- _To do_
Your copy should repeat each record exactly and contain none of the pictures.

- _Items listed in a dataset_
↓↓↓

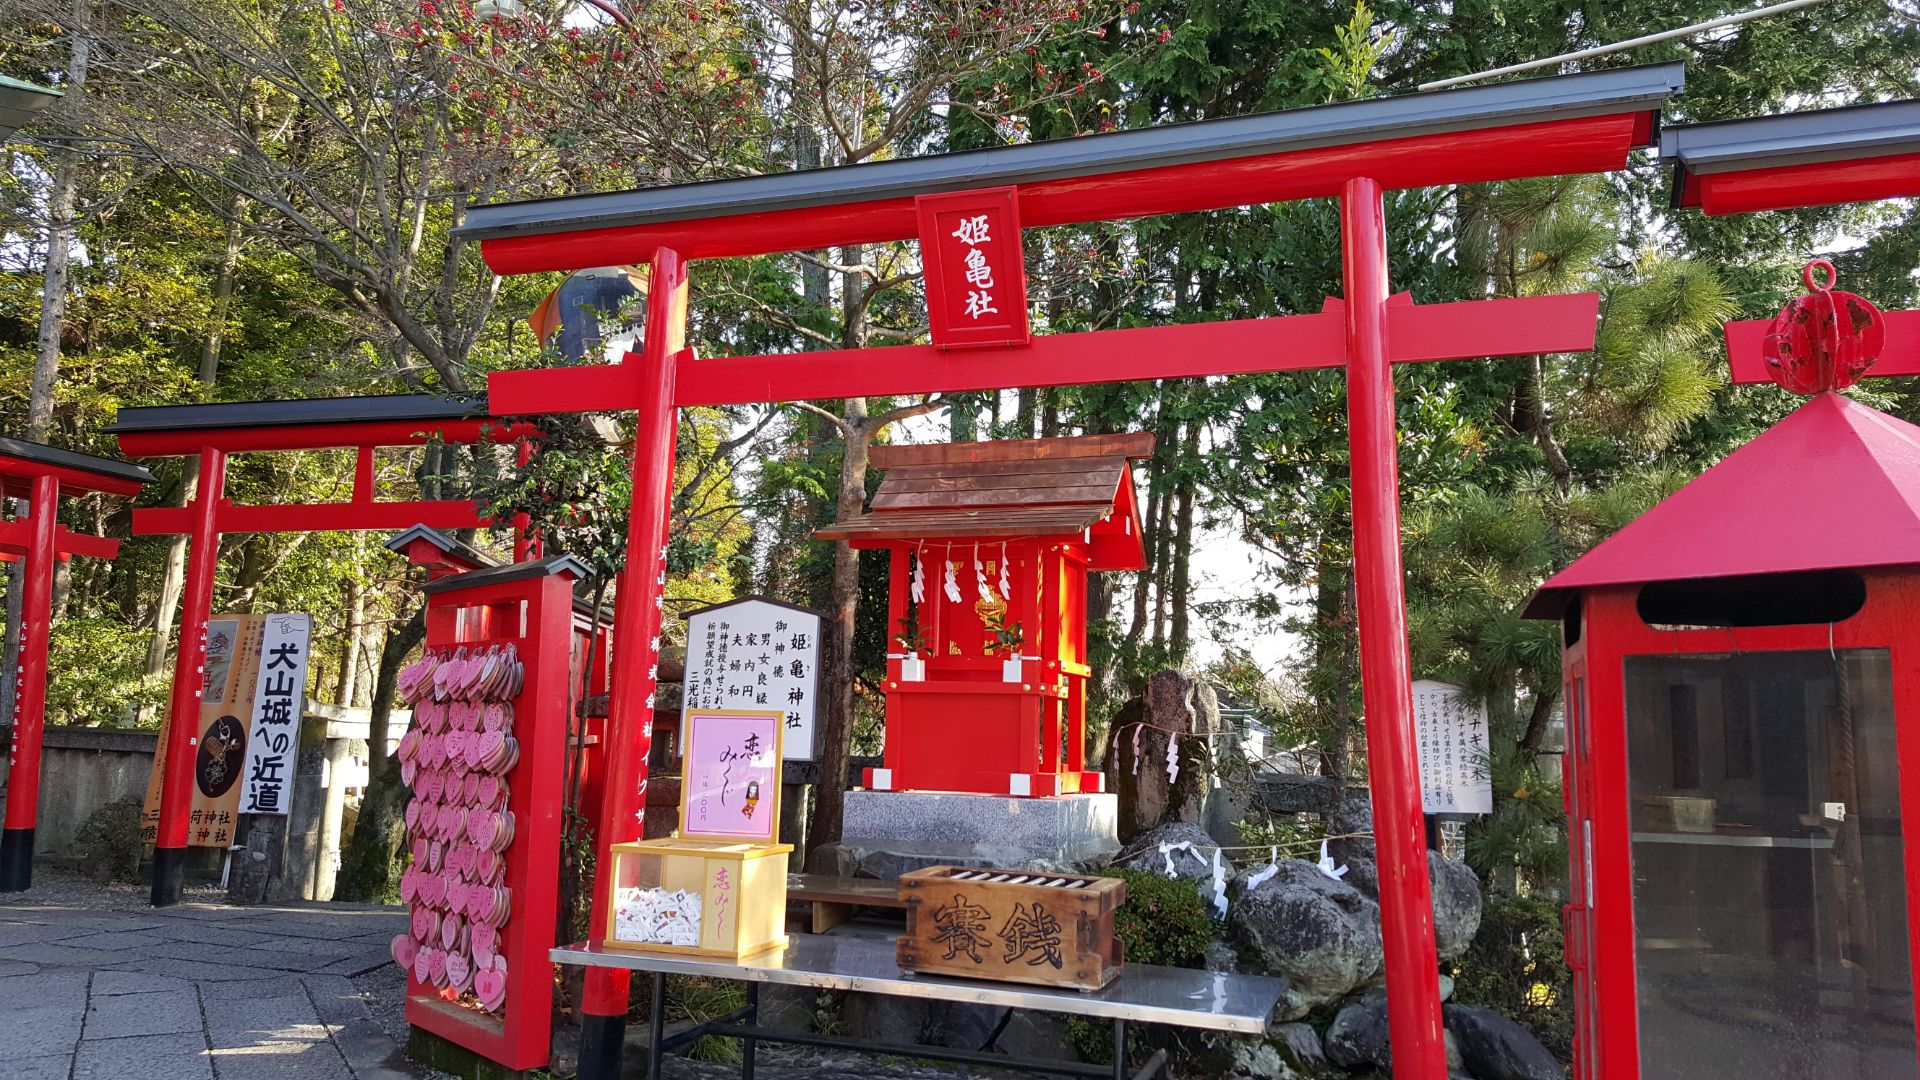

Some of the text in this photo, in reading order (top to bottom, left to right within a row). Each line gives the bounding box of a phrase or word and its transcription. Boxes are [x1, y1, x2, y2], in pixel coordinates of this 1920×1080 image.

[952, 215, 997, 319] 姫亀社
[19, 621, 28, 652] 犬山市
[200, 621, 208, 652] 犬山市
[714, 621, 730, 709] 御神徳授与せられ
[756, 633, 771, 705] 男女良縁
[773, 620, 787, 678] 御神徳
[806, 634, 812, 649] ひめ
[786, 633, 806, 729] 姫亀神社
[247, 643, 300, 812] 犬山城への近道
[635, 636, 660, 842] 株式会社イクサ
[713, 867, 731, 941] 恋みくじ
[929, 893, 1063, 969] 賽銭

↑↑↑

- _Solution to the exercise_
Some of the text in this photo, in reading order (top to bottom, left to right within a row). Each line gives the bounding box of a phrase or word and its transcription. Boxes are [x1, y1, x2, y2], in pixel coordinates of this 1920×1080 image.

[952, 215, 997, 319] 姫亀社
[19, 621, 28, 652] 犬山市
[200, 621, 208, 652] 犬山市
[714, 621, 730, 709] 御神徳授与せられ
[756, 633, 771, 705] 男女良縁
[773, 620, 787, 678] 御神徳
[806, 634, 812, 649] ひめ
[786, 633, 806, 729] 姫亀神社
[247, 643, 300, 812] 犬山城への近道
[635, 636, 660, 842] 株式会社イクサ
[713, 867, 731, 941] 恋みくじ
[929, 893, 1063, 969] 賽銭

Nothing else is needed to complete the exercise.